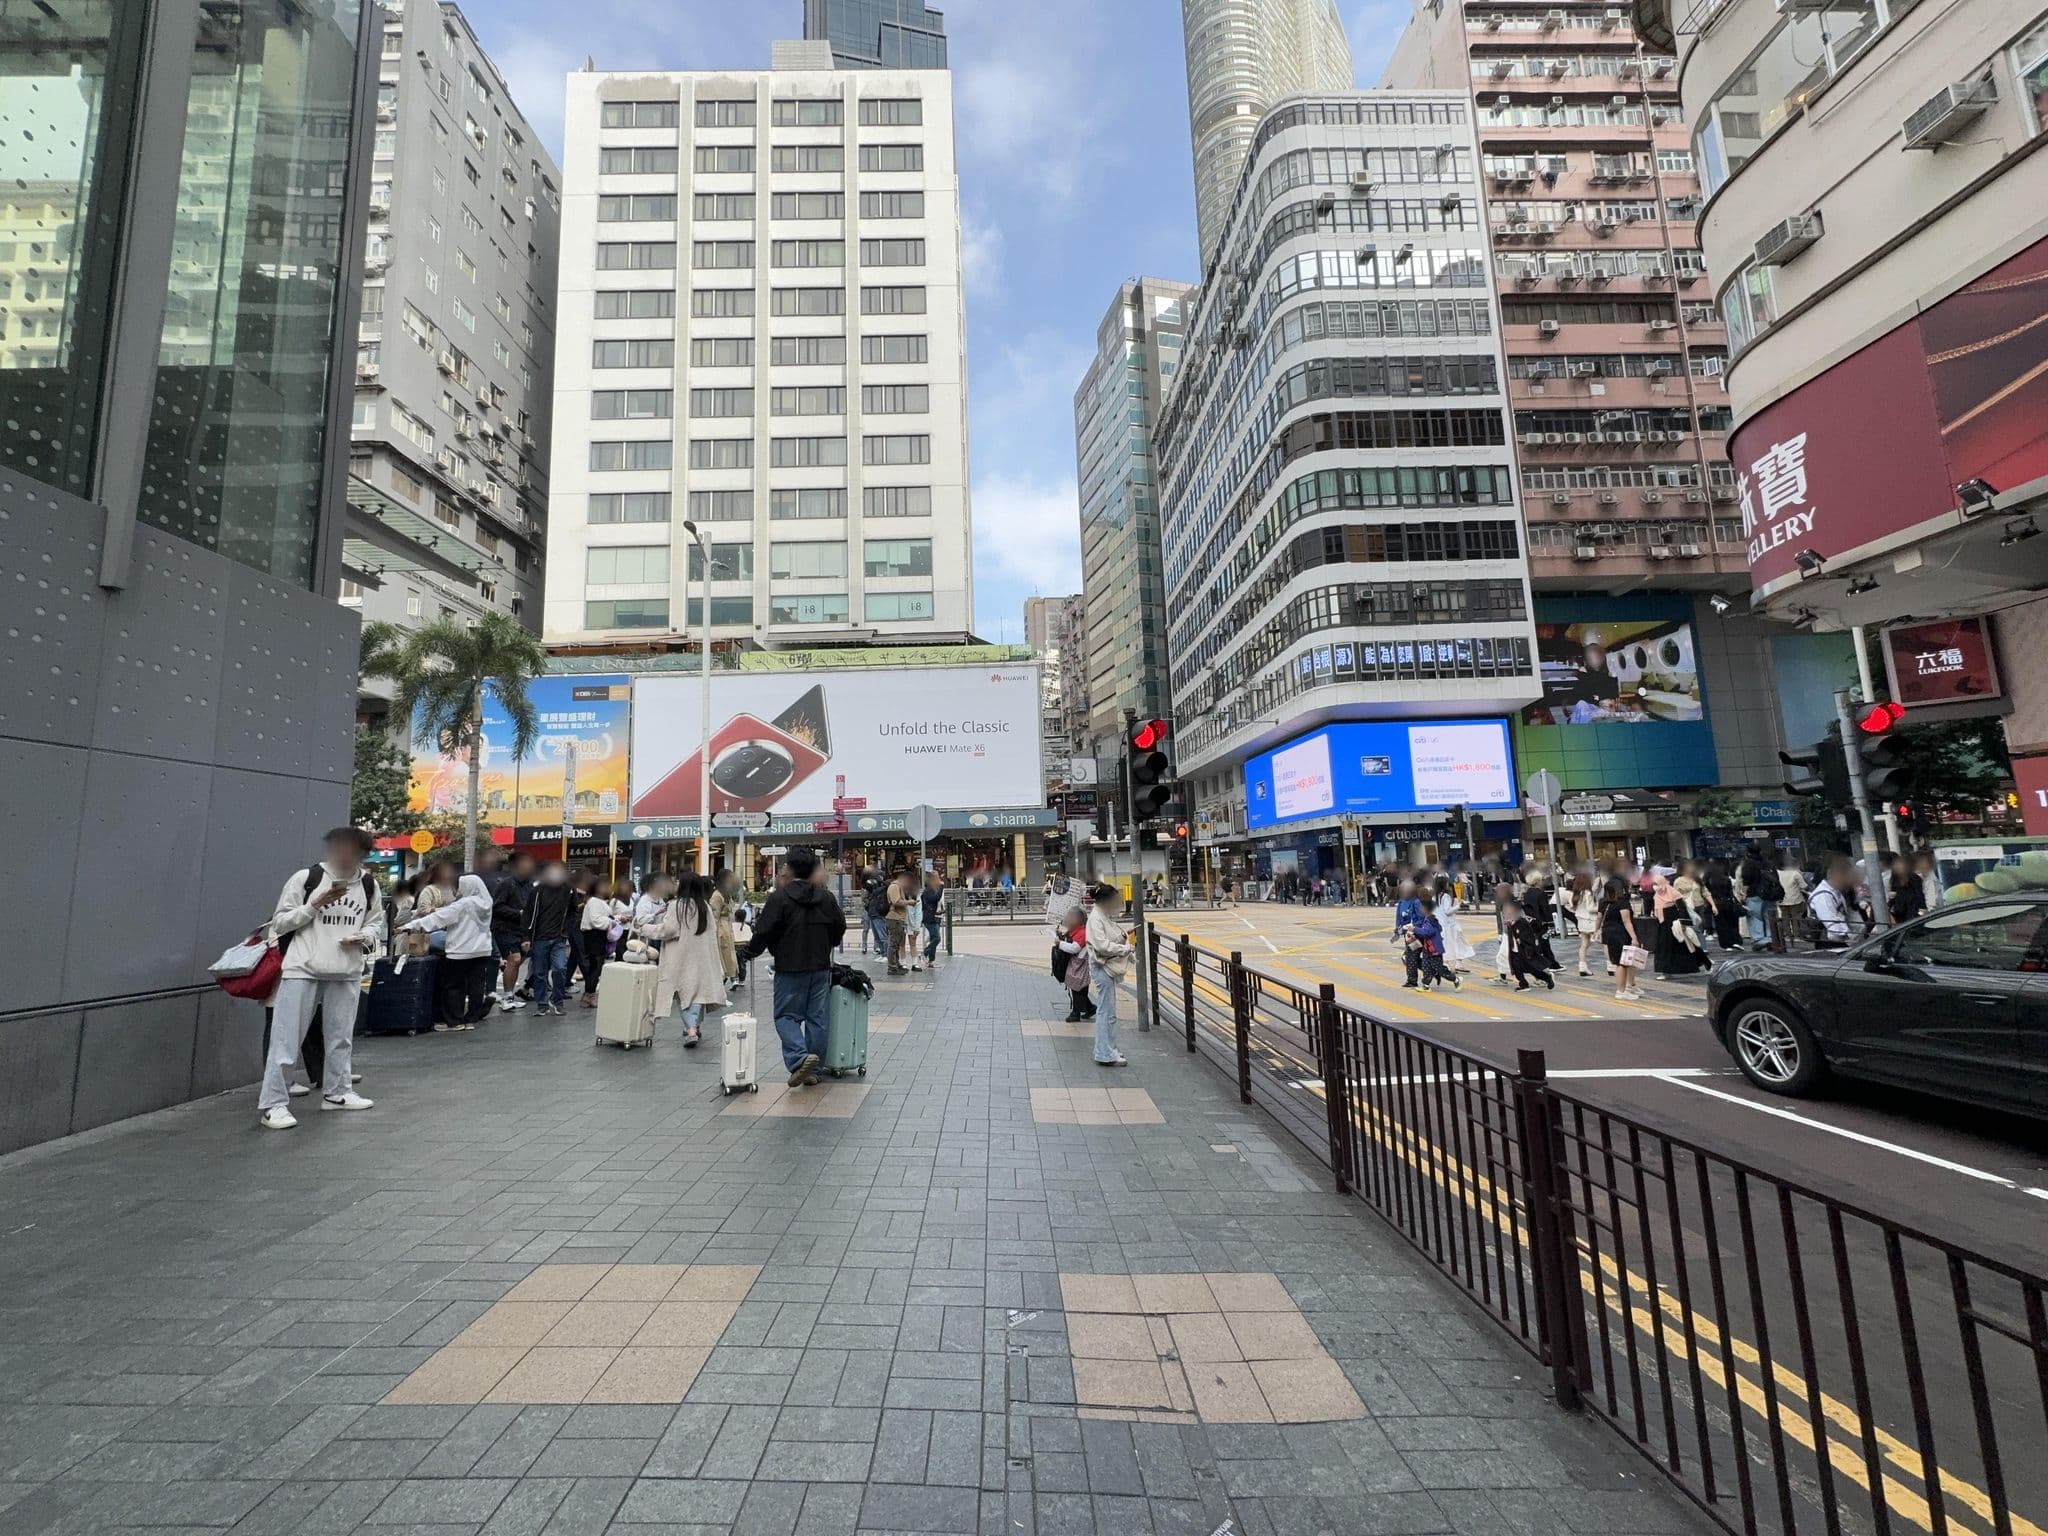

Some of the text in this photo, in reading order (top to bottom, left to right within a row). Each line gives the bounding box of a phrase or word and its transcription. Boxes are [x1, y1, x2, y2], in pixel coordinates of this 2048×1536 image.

[1915, 648, 1964, 669] 六福
[1918, 665, 1964, 675] LUKFOOK
[879, 720, 1010, 736] Unfold the Classic
[904, 744, 986, 754] HUAWEI Mate X6
[770, 815, 814, 833] shama
[881, 817, 905, 829] sha
[992, 813, 1036, 826] shama
[573, 828, 593, 838] DBS
[1385, 829, 1431, 841] citibank
[864, 839, 919, 848] GIORDANO
[604, 845, 624, 855] DS
[322, 915, 341, 926] ONLY

## What to produce:
Copy each entry exactly as written. Pictures do not belong in the copy.

## Reply:
Some of the text in this photo, in reading order (top to bottom, left to right within a row). Each line gives the bounding box of a phrase or word and its transcription. Boxes are [x1, y1, x2, y2], in pixel coordinates of this 2048×1536 image.

[1915, 648, 1964, 669] 六福
[1918, 665, 1964, 675] LUKFOOK
[879, 720, 1010, 736] Unfold the Classic
[904, 744, 986, 754] HUAWEI Mate X6
[770, 815, 814, 833] shama
[881, 817, 905, 829] sha
[992, 813, 1036, 826] shama
[573, 828, 593, 838] DBS
[1385, 829, 1431, 841] citibank
[864, 839, 919, 848] GIORDANO
[604, 845, 624, 855] DS
[322, 915, 341, 926] ONLY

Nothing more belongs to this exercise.